Shape after dropping all but airplanes and helicopters: (81776, 16)


## Data Cleaning

In [15]:
# Check if any of the injury columns have true values. If any do, fill nans with 0s. 
# If all columns are nans, assume the data was not logged and keep them as nans. 
injury_cols = ['Total.Fatal.Injuries', 'Total.Serious.Injuries', 'Total.Minor.Injuries', 'Total.Uninjured']
injury_data_exists = df[injury_cols].apply(lambda col: any(col), axis = 1)

for col in injury_cols:
    df.loc[injury_data_exists & df[col].isna(), col] = 0

We needed to have information about the amount of passengers that were on each incident. We used the information in the four columns related to injuries to extract it.

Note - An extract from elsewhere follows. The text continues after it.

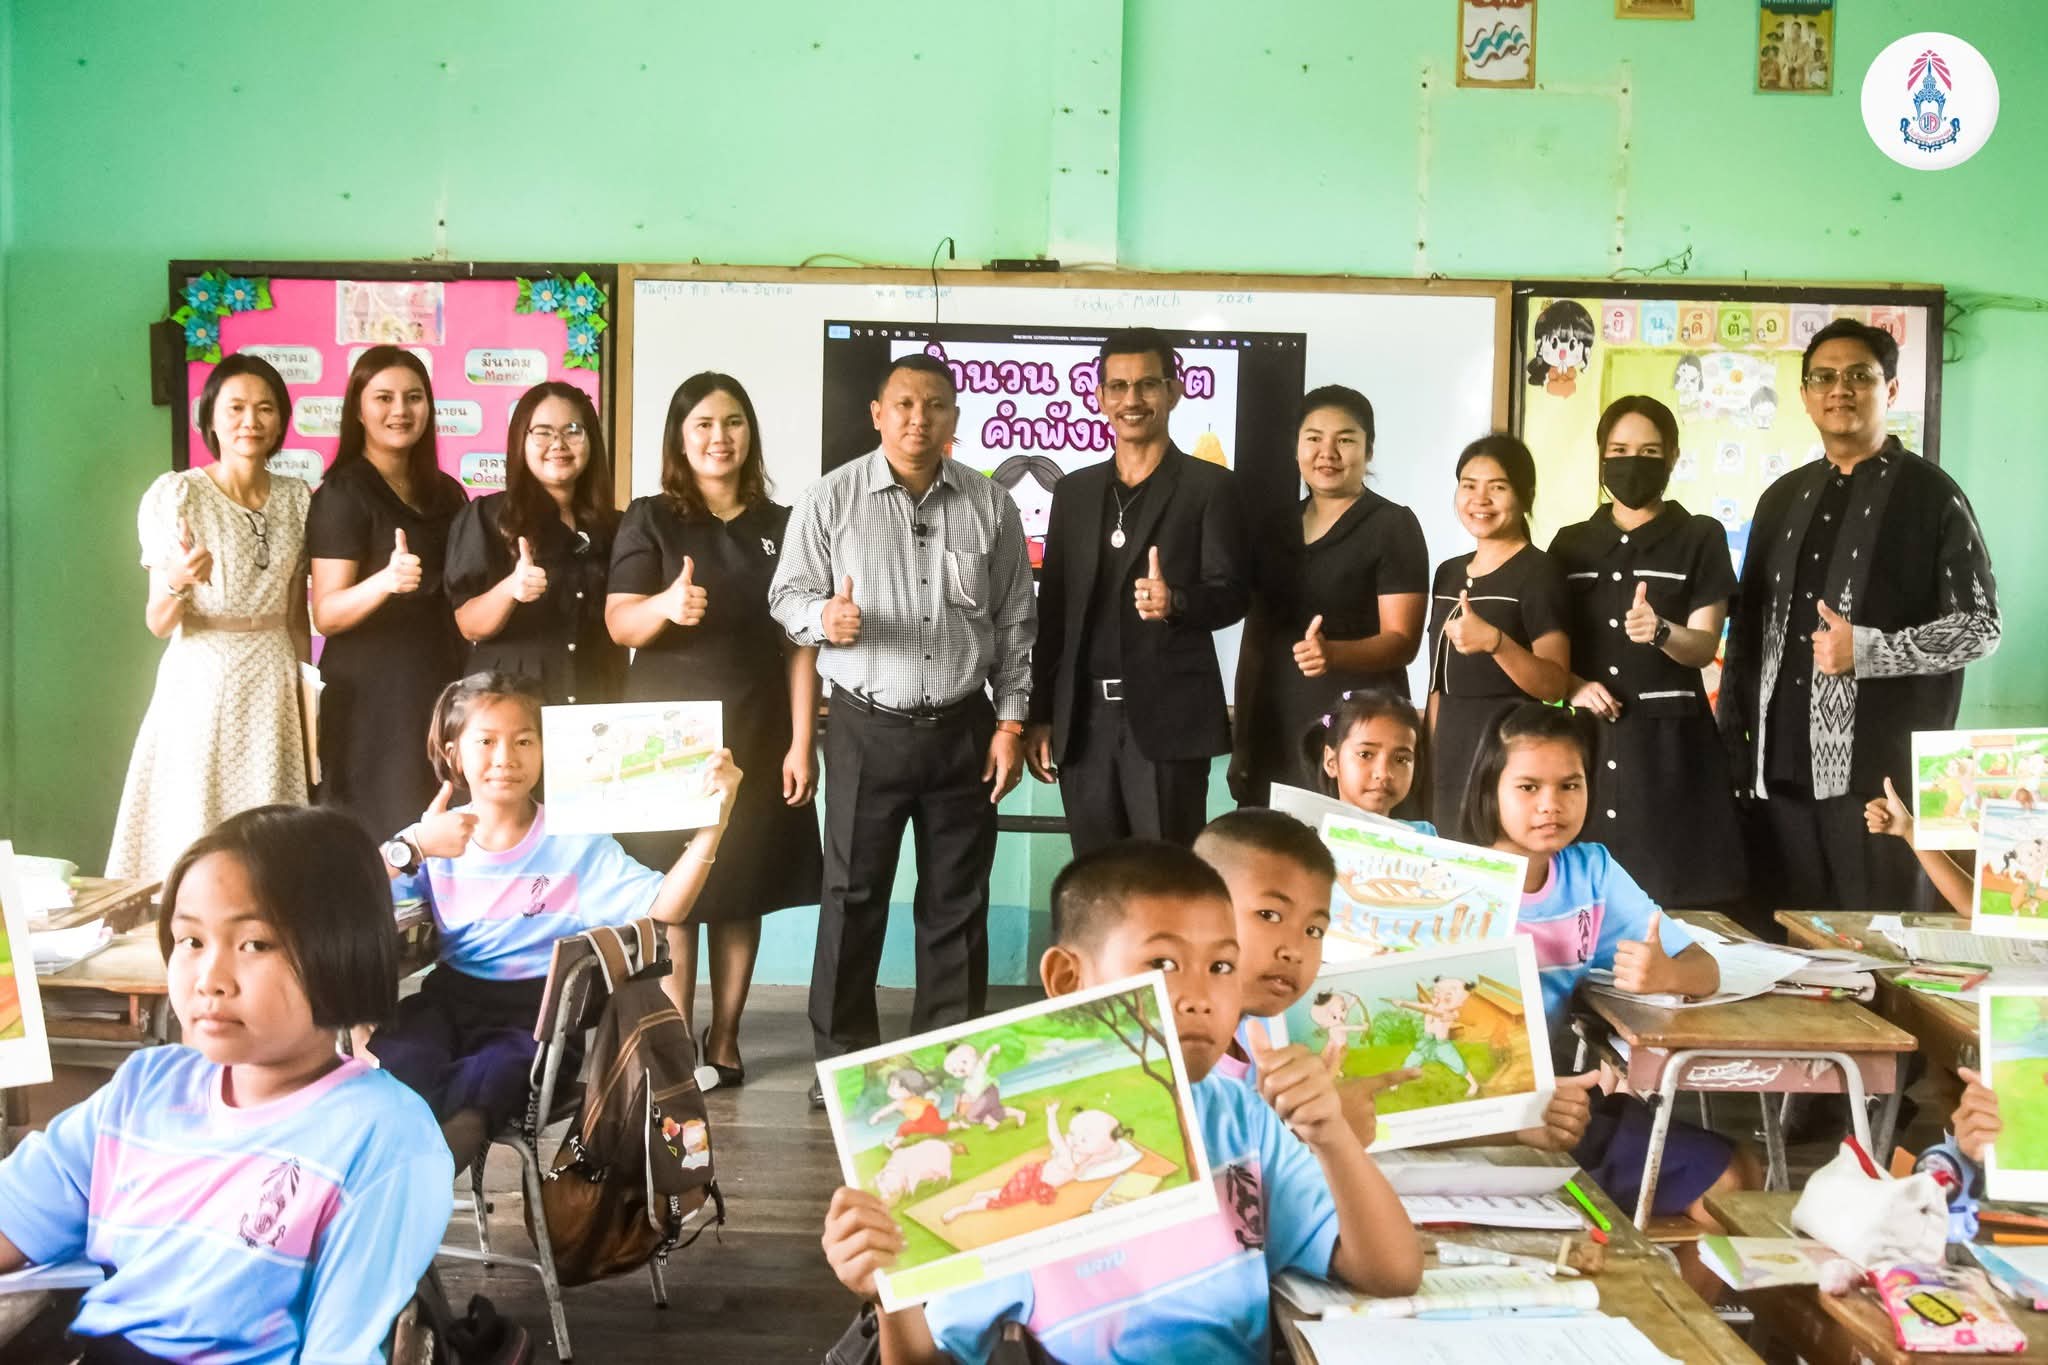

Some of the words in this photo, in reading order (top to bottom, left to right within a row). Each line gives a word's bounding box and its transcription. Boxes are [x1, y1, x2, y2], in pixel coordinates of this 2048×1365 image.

Aditionally we created percentages for the passengers that: Got injured, ended uninjured, and died.

In [16]:
#Obtaining the total of passengers
#Make note of dividing by zero situation in pecert.Injured and Percent.Died / Number of Passengers

df['Total.Passengers'] = df['Total.Fatal.Injuries'] + df['Total.Serious.Injuries'] + df['Total.Minor.Injuries']+ df['Total.Uninjured']
df['Total.Injured'] = df['Total.Fatal.Injuries'] + df['Total.Serious.Injuries'] + df['Total.Minor.Injuries']

#Creating Percentages for every kind of situation.
# Note that we had to account for division by 0 where the plane had no passengers.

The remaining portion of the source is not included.